Few marks of punctuation cause so much angst as the semicolon. Compared to the semicolon, the comma is a mosquito, hovering over the sentence, buzzing, striking occasionally to suck the sanguinary syntax of its vitality and infect it with limpidity.

The semicolon, on the other hand, is the object of authorial navel-gazing. It forces us to ask deep existential questions of our sentences and their true, hidden meanings. Must I use a conjunctive adverb – that rich blend of antiquated Anglo-Saxon prepositions redolent of English judges in their powdered wigs – or will a simple coordinating conjunction do just as well? Is this phrase a compound of that phrase or a complement to the other? What precisely is the unspoken relationship between the two concepts I am ever so cleverly placing side by side with no explanation?

What an exhausting, demanding logical exercise the semicolon requires of the writer who dares to place that extra pixel in the center of the textual line; the single dot that in foregone days symbolized the introduction of a conclusion, the orator’s climax, the announcement of a logical proposition; the illogical full stop to the QWERTY home row.

No wonder so few of us dare to tread on its hallowed ground. For the consequences of its (mis)use are truly dire. Consider if you will the ruling of the Supreme Court of Tennessee in the case of The Tennessee Mining and Manufacturing Company vs. Cooper, Governor, et al, May, 1940.

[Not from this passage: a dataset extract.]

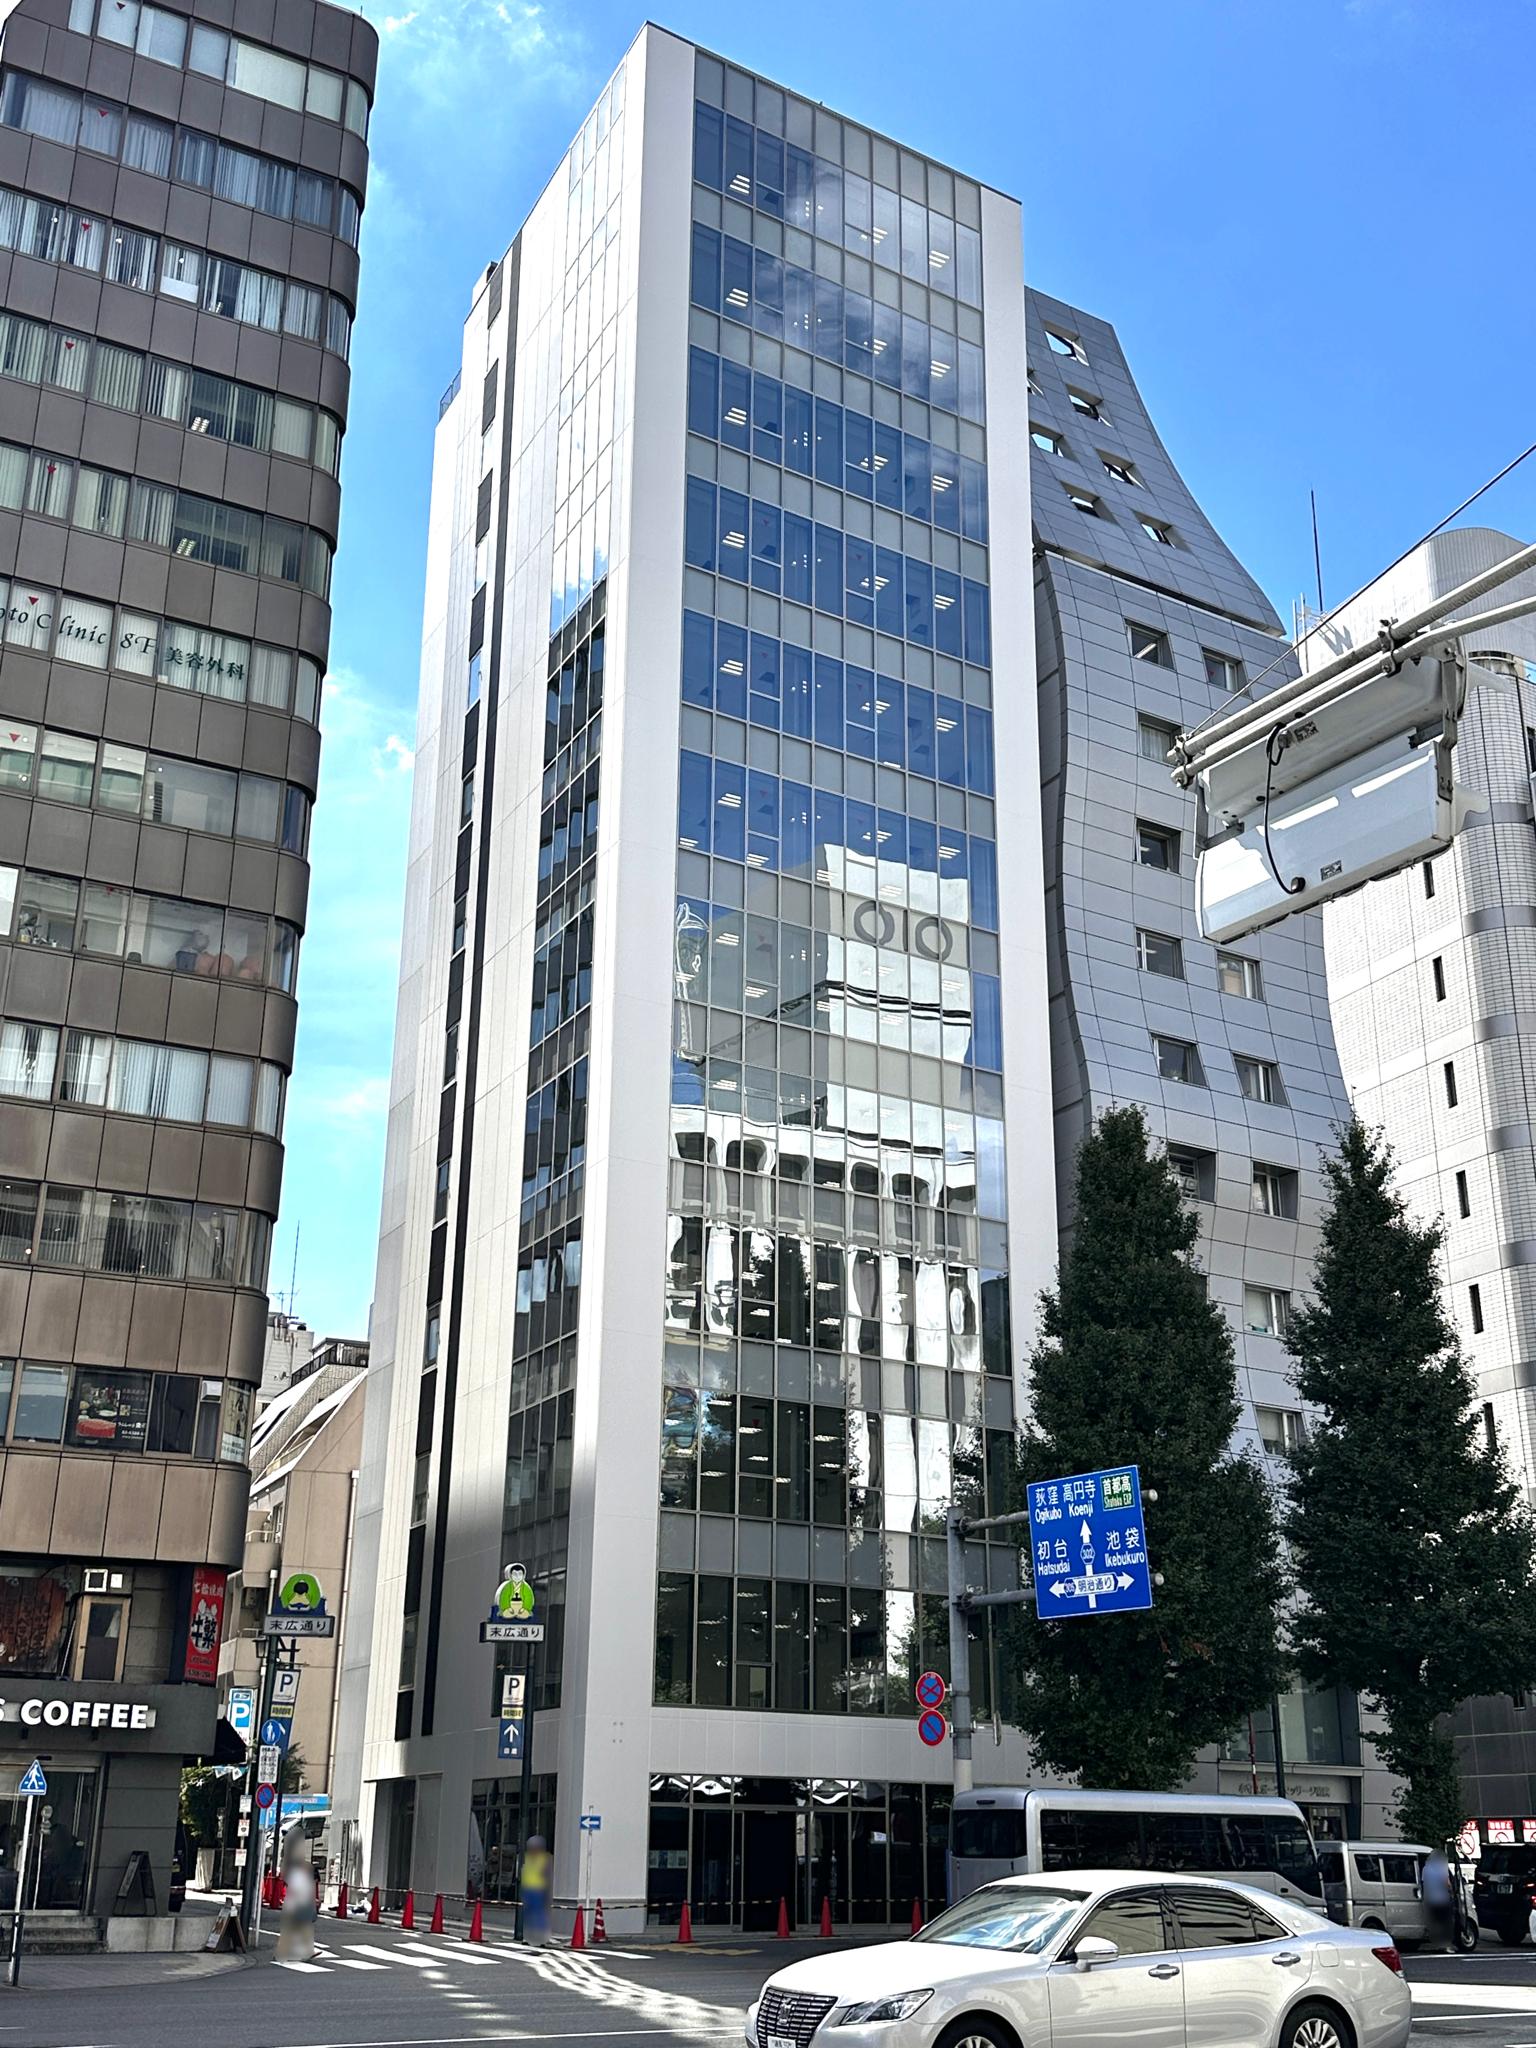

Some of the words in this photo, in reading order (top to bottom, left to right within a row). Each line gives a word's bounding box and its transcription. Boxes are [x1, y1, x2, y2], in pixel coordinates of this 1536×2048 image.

Mine No. 7, Soddy TN. One of many mines forming the state's long economic tradition. Picture Courtesy of Mining Artifacts http://www.miningartifacts.org/Tennessee-Mines.html

Mine No. 7, Soddy TN. One of many mines forming the state’s long economic tradition. Picture Courtesy of Mining Artifacts http://www.miningartifacts.org/Tennessee-Mines.html

At that time, the Tennessee Mining and Manufacturing Company owned 54K acres of land, 20K of which the valuation of was in dispute. The Tennessee State Board of Equalization estimated the land was worth $160K, but the Tennessee Mining and Manufacturing Company alleged $107,600 was more accurate. So they sued, claiming that the valuation was subject to judicial review.

The Supreme Court of the State of Tennessee disagreed, based upon a semicolon.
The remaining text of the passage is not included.